The Retromer Complex and AD
It has been reported that retromer components VPS35 and VPS26 are down-regulated in the hippocampus of AD patients (Small et al., 2005), implicating a link between the retromer complex and AD pathogenesis. In a Tg2576 AD mouse model (overexpressing the human KM670/671NL Swedish APP variant), expression of VPS35, VPS26 and retromer cargo proteins CIM6PR and Sortilin related receptor with A-type repeats (SORLA) is also reduced (Chu and Pratico, 2017). Overexpression of VPS35 is observed to attenuate Aβ production in HeLa cells (Small et al., 2005). In contrast, VPS35 depletion using siRNA-targeting strategies elevates Aβ generation (Small et al., 2005; Bhalla et al., 2012); this likely is a result of prolonged APP retention in early endosomes to promote cleavage by BACE1 (Bhalla et al., 2012). Vps26 deficient mice features elevated Aβ production in the hippocampus, together with impaired hippocampal-dependent memory and synaptic function (Muhammad et al., 2008; Wen et al., 2011). Interestingly, VPS26 deficiency is associated with reductions in VPS35 levels (Muhammad et al., 2008). A de novo mutation of VPS35 (VPS35 L625P) was recently identified in an individual with sporadic early-onset AD (Rovelet-Lecrux et al., 2015). This missense variant shows impaired binding to VPS26 and VPS29 (Rovelet-Lecrux et al., 2015), thereby influencing neuronal APP trafficking and Aβ generation.

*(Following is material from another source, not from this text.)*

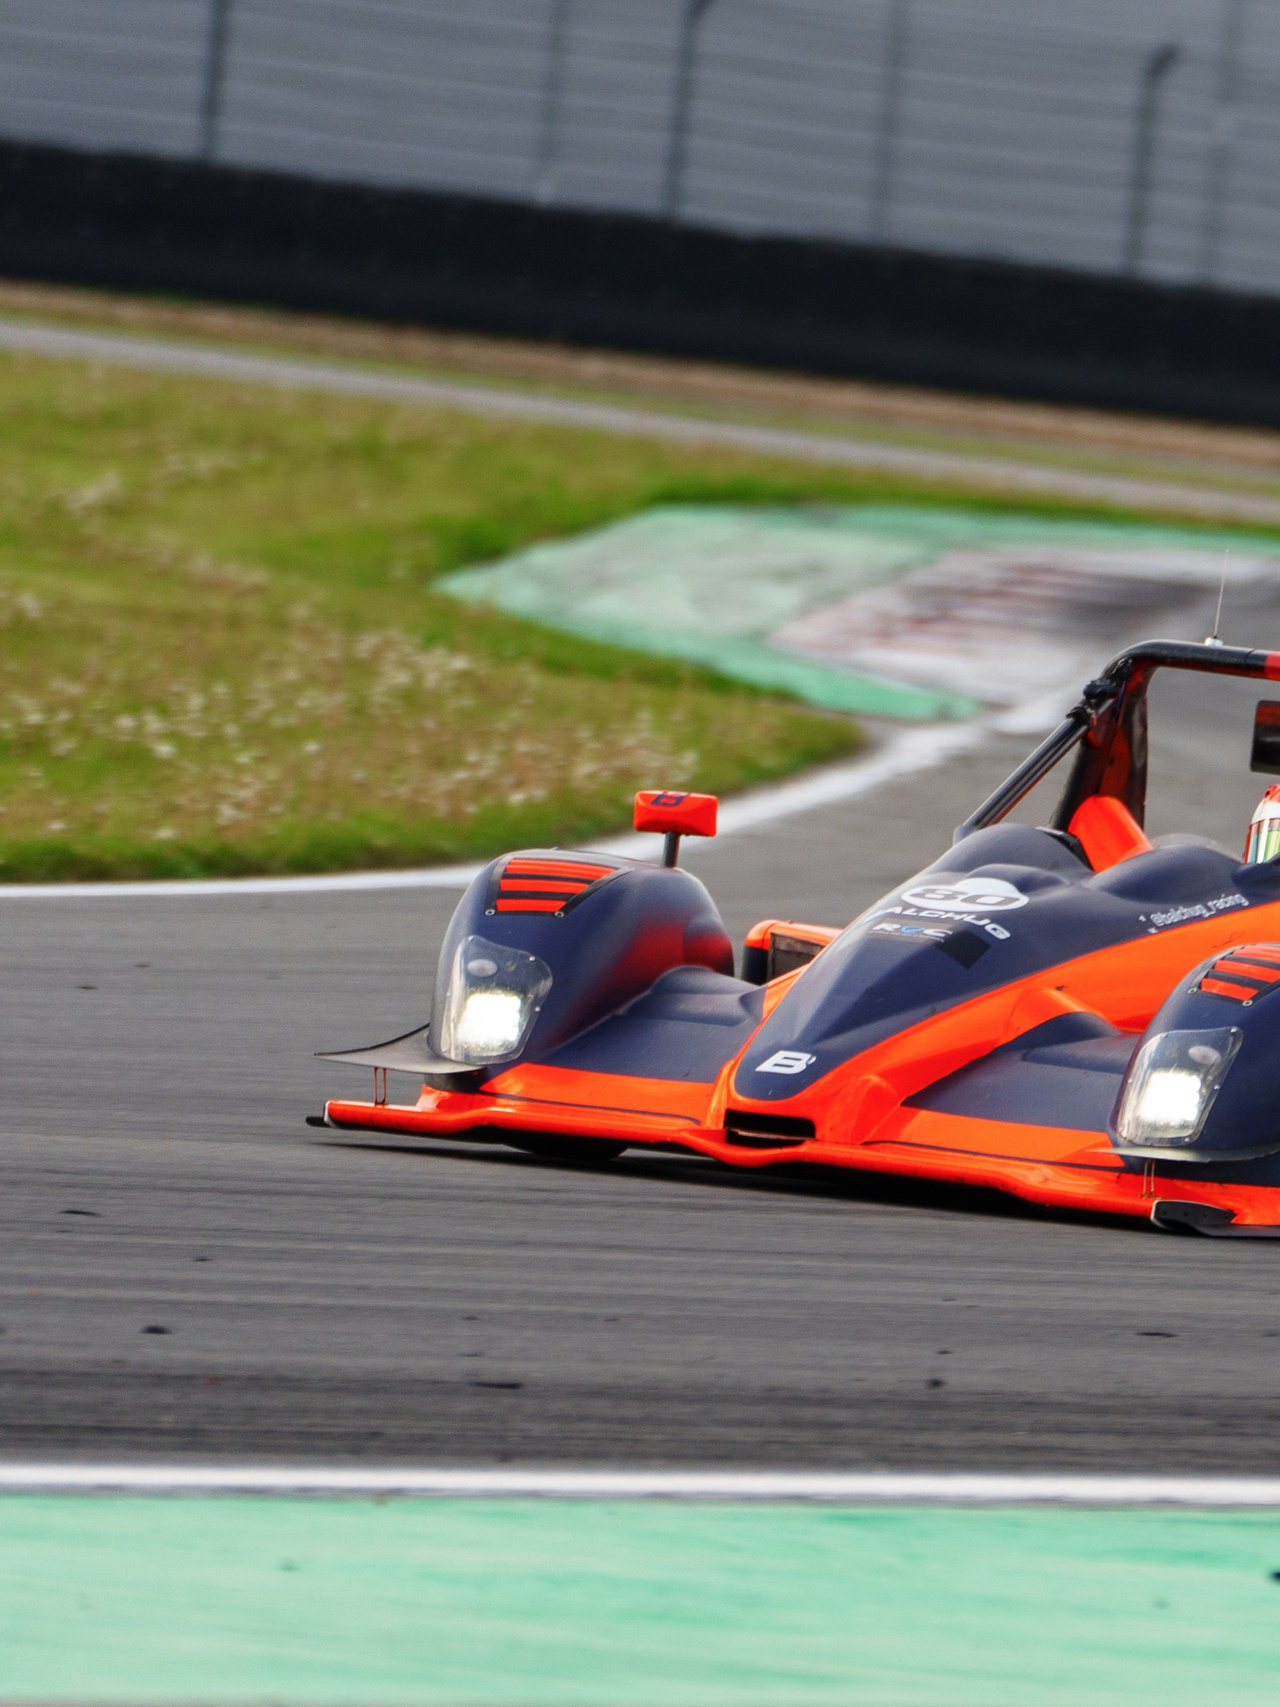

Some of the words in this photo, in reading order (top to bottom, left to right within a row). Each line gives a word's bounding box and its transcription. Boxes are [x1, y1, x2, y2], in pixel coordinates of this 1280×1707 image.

[908, 887, 1022, 908] 80
[1149, 893, 1250, 927] @balchug_racing
[864, 906, 1012, 940] ALCHUG

SORLA, a member of the VPS10 domain receptor family (Andersen et al., 2016), is a well-defined retromer cargo protein. Other members within this family are sortilin, SORCS1, SORCS2, and SORCS3. Genetic studies in humans have identified several late-onset AD-associated mutations in SORL1, the gene encoding SORLA (Vardarajan et al., 2015; Nicolas et al., 2016; Verheijen et al., 2016). SORLA expression is reduced in the cortex and hippocampus of AD patients, and shows a strong correlation with cognitive impairment (Scherzer et al., 2004; Sager et al., 2007). Functional studies implicate SORLA as an important modulator for Aβ generation: SORLA overexpression reduces Aβ generation (Andersen et al., 2005; Offe et al., 2006; Rogaeva et al., 2007), while SORLA deletion conversely increases Aβ production (Andersen et al., 2005; Dodson et al., 2008). Mechanistically, SORLA binds to APP and enhances APP delivery to the cell surface from endosomal and Golgi compartments (Andersen et al., 2005), thus trafficking APP away from amyloidogenic processing at the endosome (Fjorback et al., 2012).

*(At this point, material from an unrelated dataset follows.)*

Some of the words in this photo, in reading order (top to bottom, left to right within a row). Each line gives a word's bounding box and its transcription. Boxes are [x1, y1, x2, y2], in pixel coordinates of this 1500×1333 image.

Triggering receptor expressed on myeloid cells 2 (TREM2) is an immune-modulatory receptor involved in inflammation and phagocytosis. Several TREM2 variants are associated with late-onset AD (Guerreiro et al., 2013; Jonsson et al., 2013; Jin et al., 2014). It has been reported that TREM2 mutations (T66M and Y38C) lead to reduced cell surface delivery and TREM2 degradation (Kleinberger et al., 2014), implicating a role for dysregulated TREM2 trafficking in AD pathogenesis. Interestingly, the retromer complex has been described to facilitate TREM2 trafficking (Lucin et al., 2013): TREM2 can directly interact with VPS35 and VPS35 depletion disrupts TREM2 recycling, leading to the accumulation of TREM2 in lysosomes, thus activating microglia (Yin et al., 2016). Together, these results indicate that dysfunction of the retromer complex results in deficiencies in recycling cargos such as TREM2 to induce microglial defects in AD.
SNXs and AD
As mentioned above, endosomal trafficking of APP is regulated by the retromer complex and its cargo proteins (such as SORLA), and deficiency of these proteins is associated with AD pathogenesis. Interestingly, multiple SNXs are also involved in intracellular transport of APP and APP-cleavage secretases (such as BACE1 and α-secretase), thus affecting APP amyloidogenic or non-amyloidogenic pathway. The amyloidogenic or anti-amyloidogenic effect of these SNXs has been summarized in Table 1.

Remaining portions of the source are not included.